**** DATA PROVIDED ****

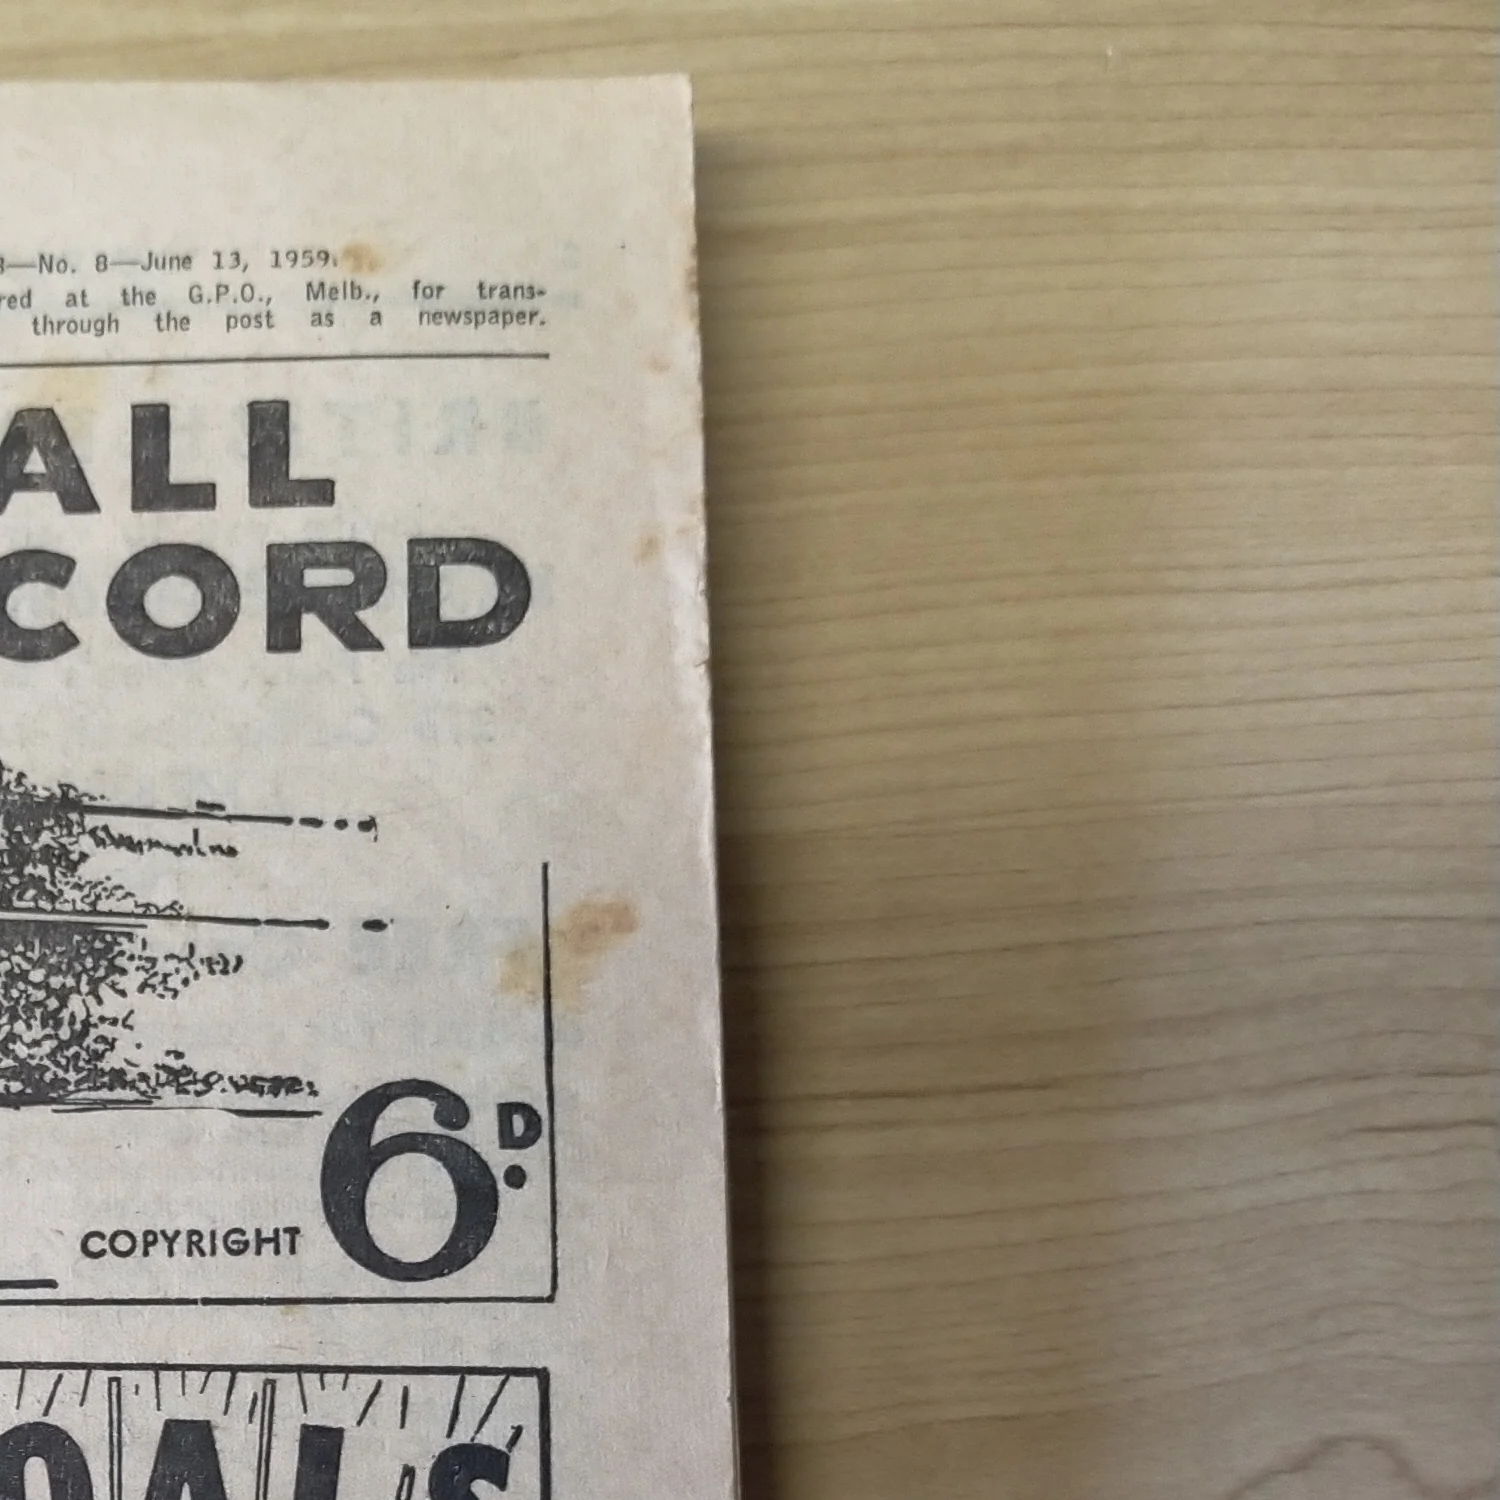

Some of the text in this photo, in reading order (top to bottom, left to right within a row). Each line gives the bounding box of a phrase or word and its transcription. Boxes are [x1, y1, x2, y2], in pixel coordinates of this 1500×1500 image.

[212, 250, 249, 273] 13,
[271, 249, 338, 269] 1959.
[65, 288, 90, 308] at
[120, 285, 157, 307] the
[188, 282, 273, 307] G.P.O.,
[305, 279, 380, 304] Melb.,
[412, 279, 446, 300] for
[477, 281, 547, 301] trans-
[31, 311, 120, 338] through
[154, 309, 191, 333] the
[225, 309, 275, 334] post
[310, 311, 334, 328] as
[369, 310, 382, 326] a
[418, 308, 546, 330] newspaper.
[80, 1226, 301, 1260] COPYRIGHT
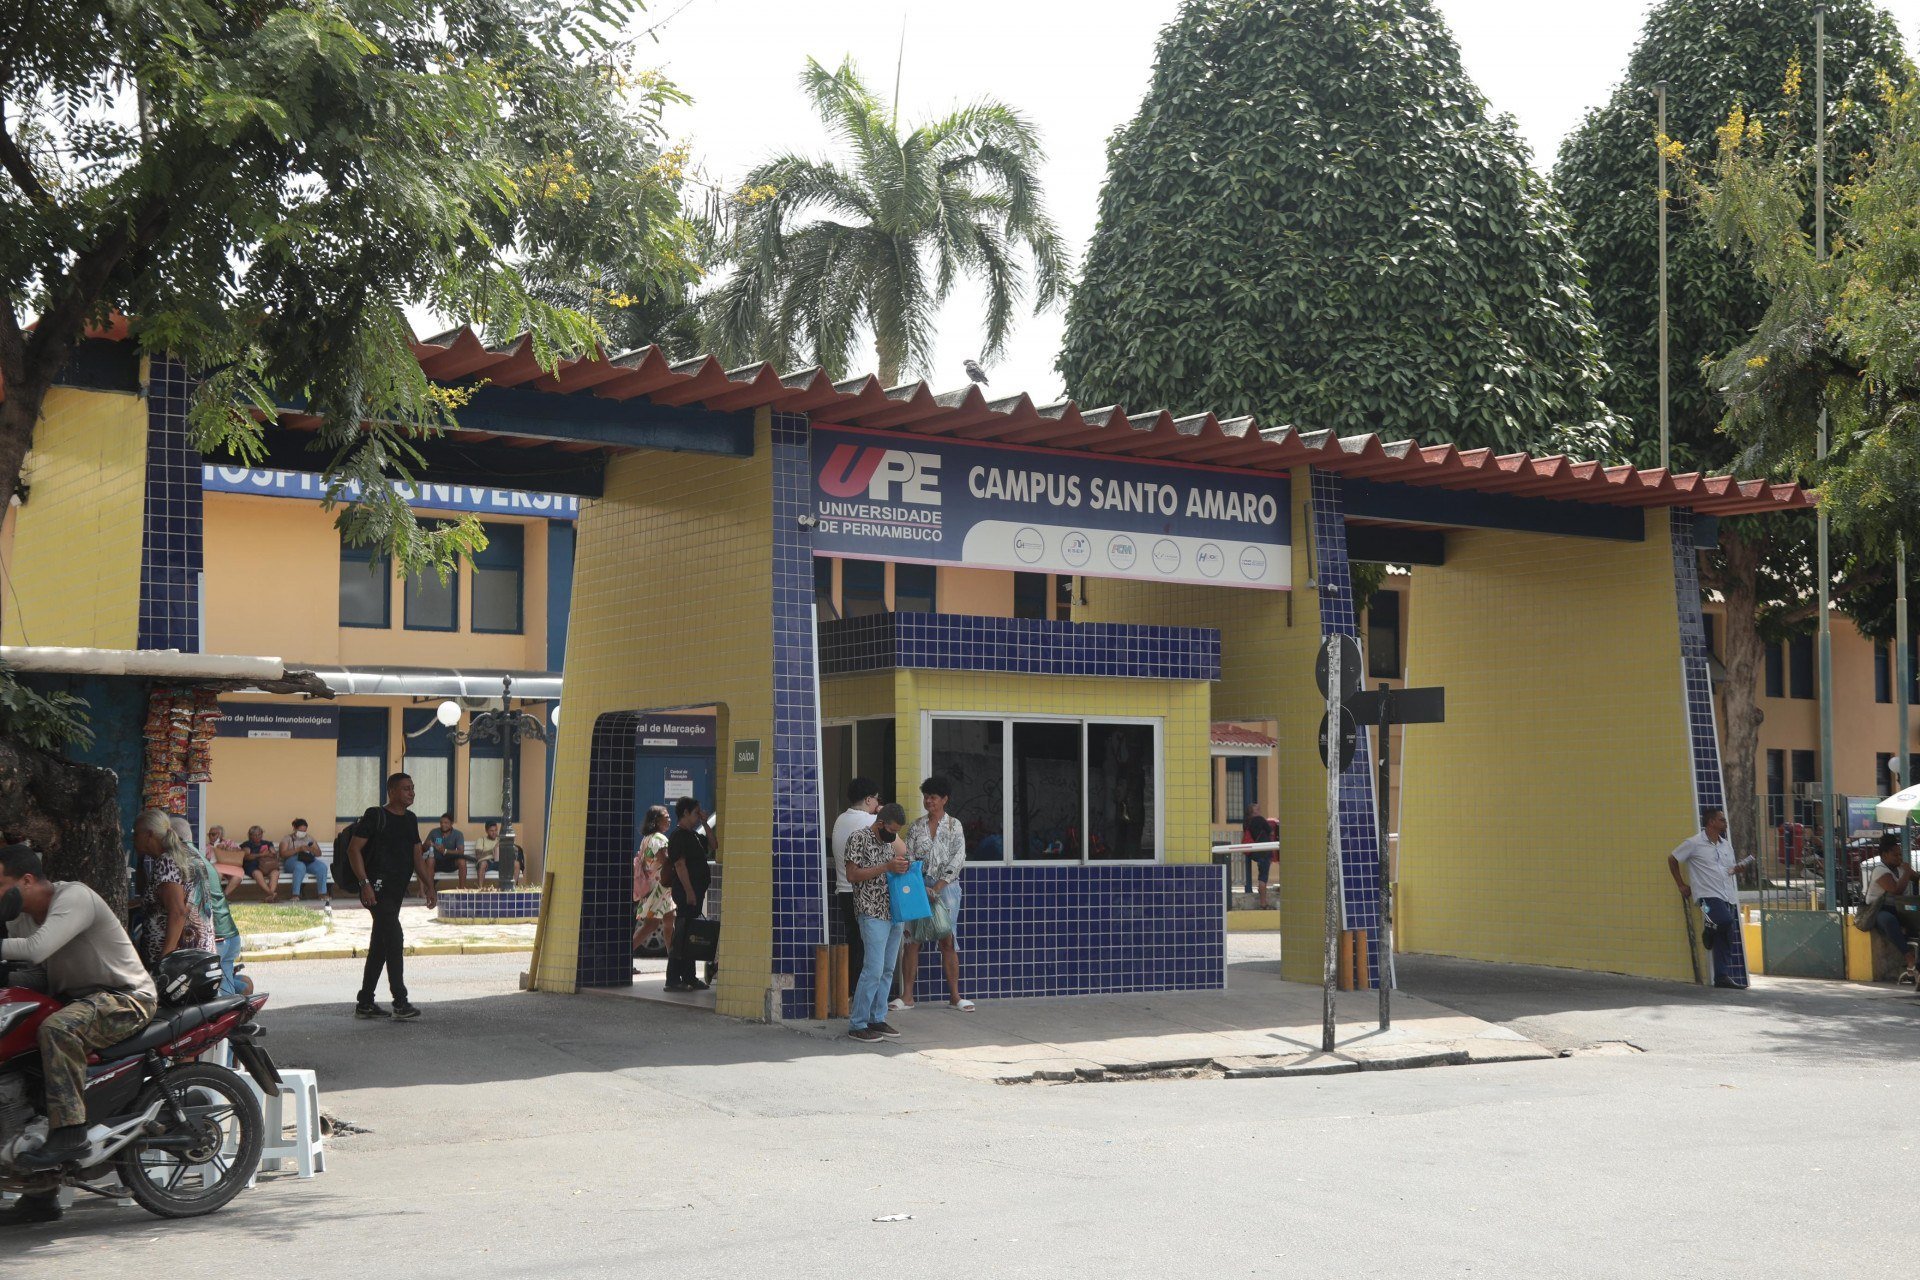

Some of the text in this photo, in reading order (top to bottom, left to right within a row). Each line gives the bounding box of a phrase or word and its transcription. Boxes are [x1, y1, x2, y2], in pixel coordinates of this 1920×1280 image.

[818, 443, 942, 506] UPE
[968, 465, 1277, 525] CAMPUS SANTO AMARO
[819, 501, 942, 524] UNIVERSIDADE
[819, 520, 943, 542] DE PERNAMBUCO
[234, 714, 244, 722] de
[245, 714, 274, 723] Infusão
[275, 715, 332, 725] Imunobiológica
[649, 723, 661, 732] de
[663, 724, 706, 736] Marcação
[738, 749, 755, 762] SAÍDA
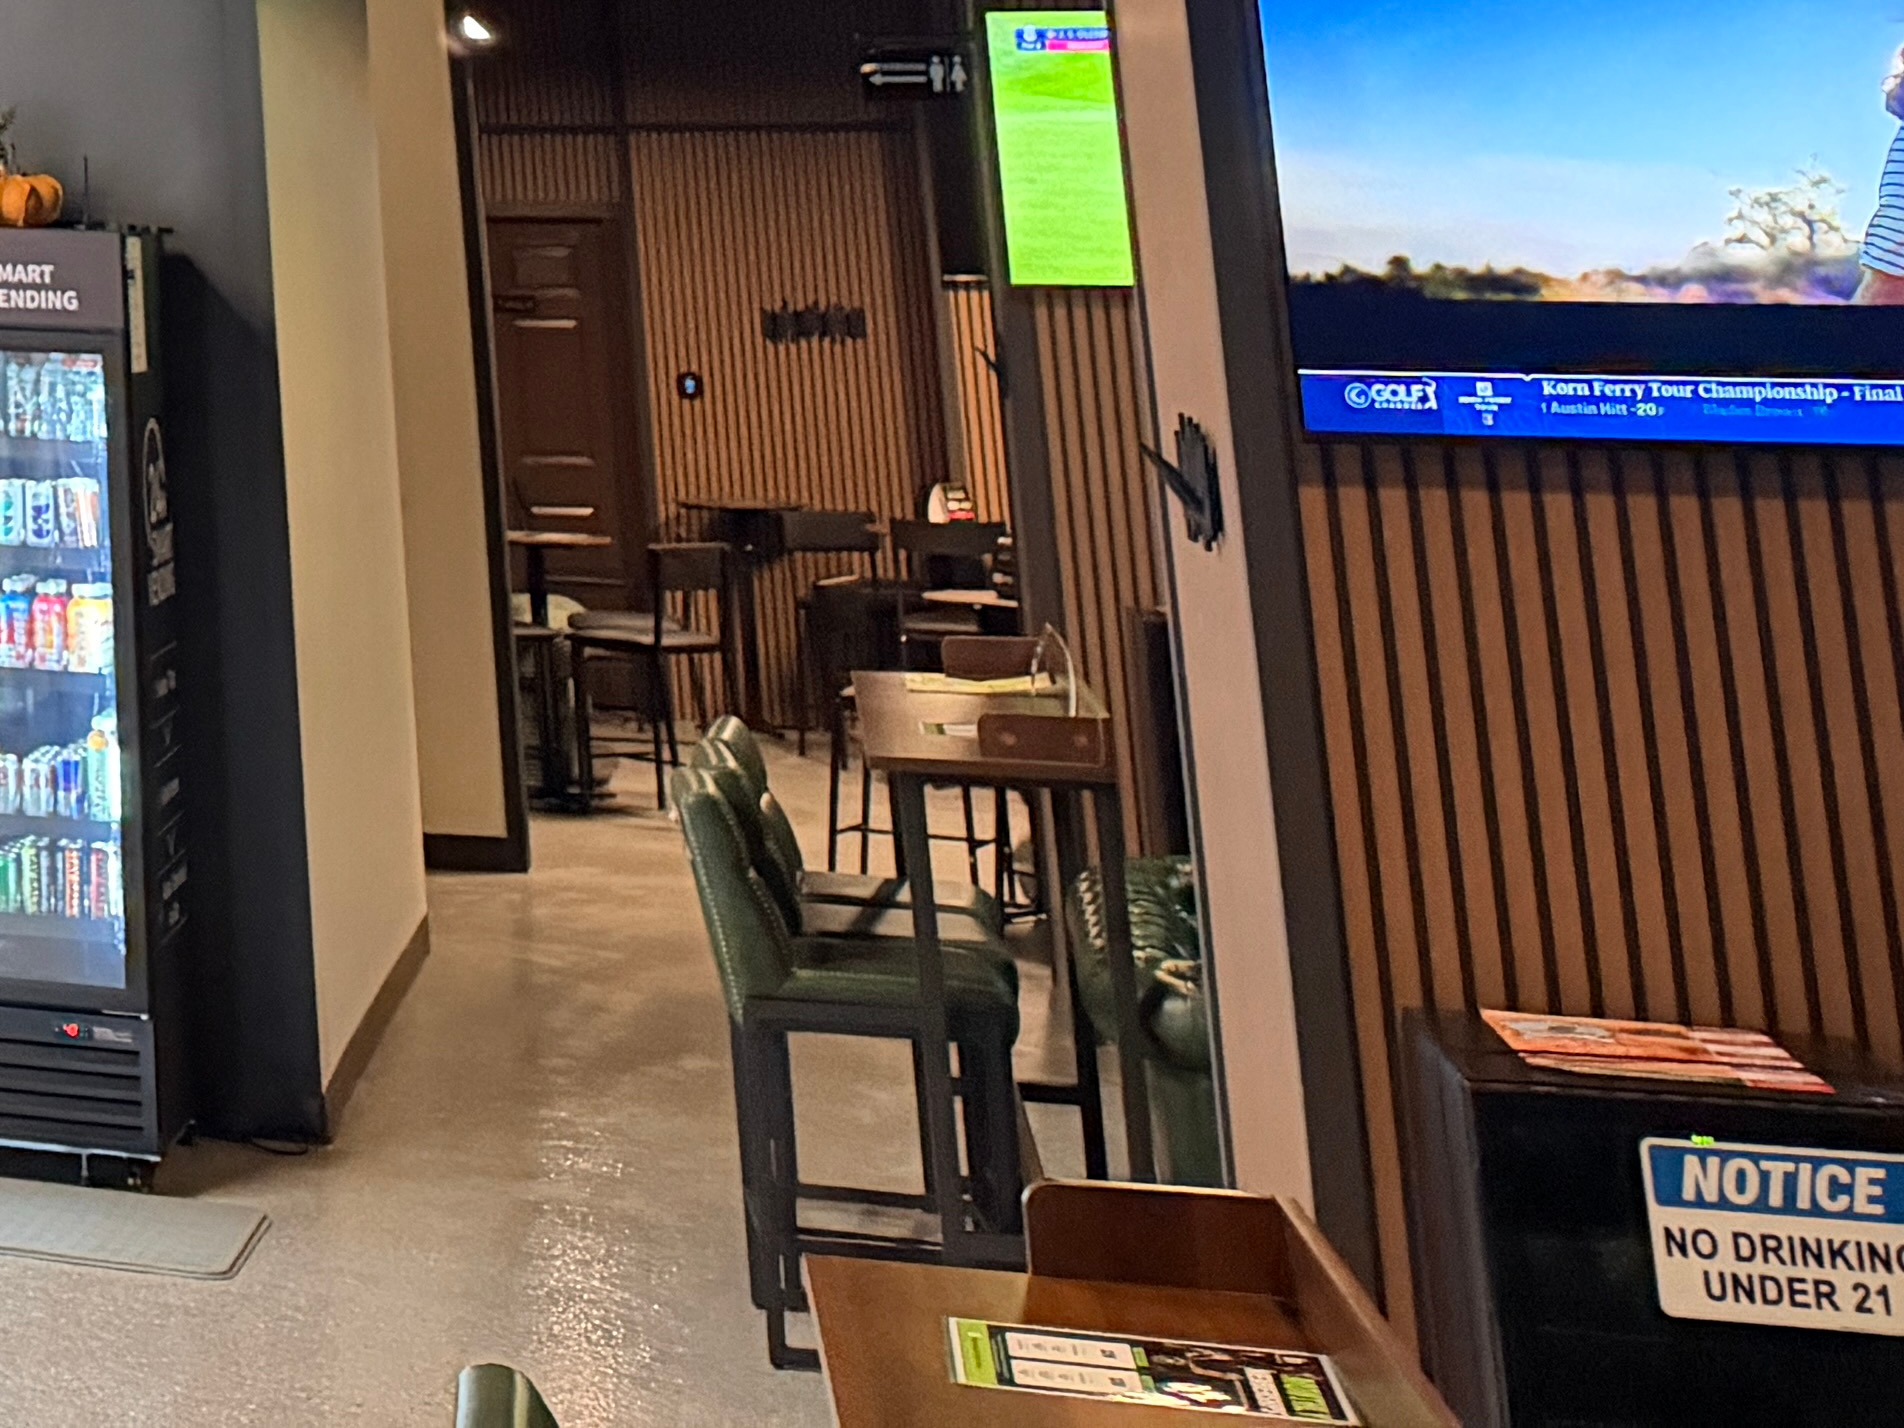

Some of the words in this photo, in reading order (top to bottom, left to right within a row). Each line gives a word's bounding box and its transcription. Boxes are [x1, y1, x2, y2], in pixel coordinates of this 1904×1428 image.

[1370, 384, 1425, 401] GOLF
[1542, 381, 1590, 395] Korn
[1593, 381, 1645, 400] Ferry
[1648, 382, 1695, 398] Tour
[1698, 382, 1838, 404] Championship
[1853, 386, 1903, 401] Final
[1551, 401, 1598, 415] Austin
[1682, 1154, 1887, 1215] NOTICE
[1663, 1226, 1719, 1260] NO
[1703, 1270, 1841, 1312] UNDER
[1852, 1282, 1892, 1316] 21

****

Every line of the data is to be transcribed exactly, and no picture is to be included.

_EXERCISE RESPONSE_
Some of the text in this photo, in reading order (top to bottom, left to right within a row). Each line gives the bounding box of a phrase or word and its transcription. Boxes are [x1, y1, x2, y2], in pixel coordinates of this 1500×1500 image.

[212, 250, 249, 273] 13,
[271, 249, 338, 269] 1959.
[65, 288, 90, 308] at
[120, 285, 157, 307] the
[188, 282, 273, 307] G.P.O.,
[305, 279, 380, 304] Melb.,
[412, 279, 446, 300] for
[477, 281, 547, 301] trans-
[31, 311, 120, 338] through
[154, 309, 191, 333] the
[225, 309, 275, 334] post
[310, 311, 334, 328] as
[369, 310, 382, 326] a
[418, 308, 546, 330] newspaper.
[80, 1226, 301, 1260] COPYRIGHT

Some of the text in this photo, in reading order (top to bottom, left to right within a row). Each line gives the bounding box of a phrase or word and its transcription. Boxes are [x1, y1, x2, y2], in pixel coordinates of this 1920×1280 image.

[818, 443, 942, 506] UPE
[968, 465, 1277, 525] CAMPUS SANTO AMARO
[819, 501, 942, 524] UNIVERSIDADE
[819, 520, 943, 542] DE PERNAMBUCO
[234, 714, 244, 722] de
[245, 714, 274, 723] Infusão
[275, 715, 332, 725] Imunobiológica
[649, 723, 661, 732] de
[663, 724, 706, 736] Marcação
[738, 749, 755, 762] SAÍDA

Some of the words in this photo, in reading order (top to bottom, left to right within a row). Each line gives a word's bounding box and its transcription. Boxes are [x1, y1, x2, y2], in pixel coordinates of this 1904×1428 image.

[1370, 384, 1425, 401] GOLF
[1542, 381, 1590, 395] Korn
[1593, 381, 1645, 400] Ferry
[1648, 382, 1695, 398] Tour
[1698, 382, 1838, 404] Championship
[1853, 386, 1903, 401] Final
[1551, 401, 1598, 415] Austin
[1682, 1154, 1887, 1215] NOTICE
[1663, 1226, 1719, 1260] NO
[1703, 1270, 1841, 1312] UNDER
[1852, 1282, 1892, 1316] 21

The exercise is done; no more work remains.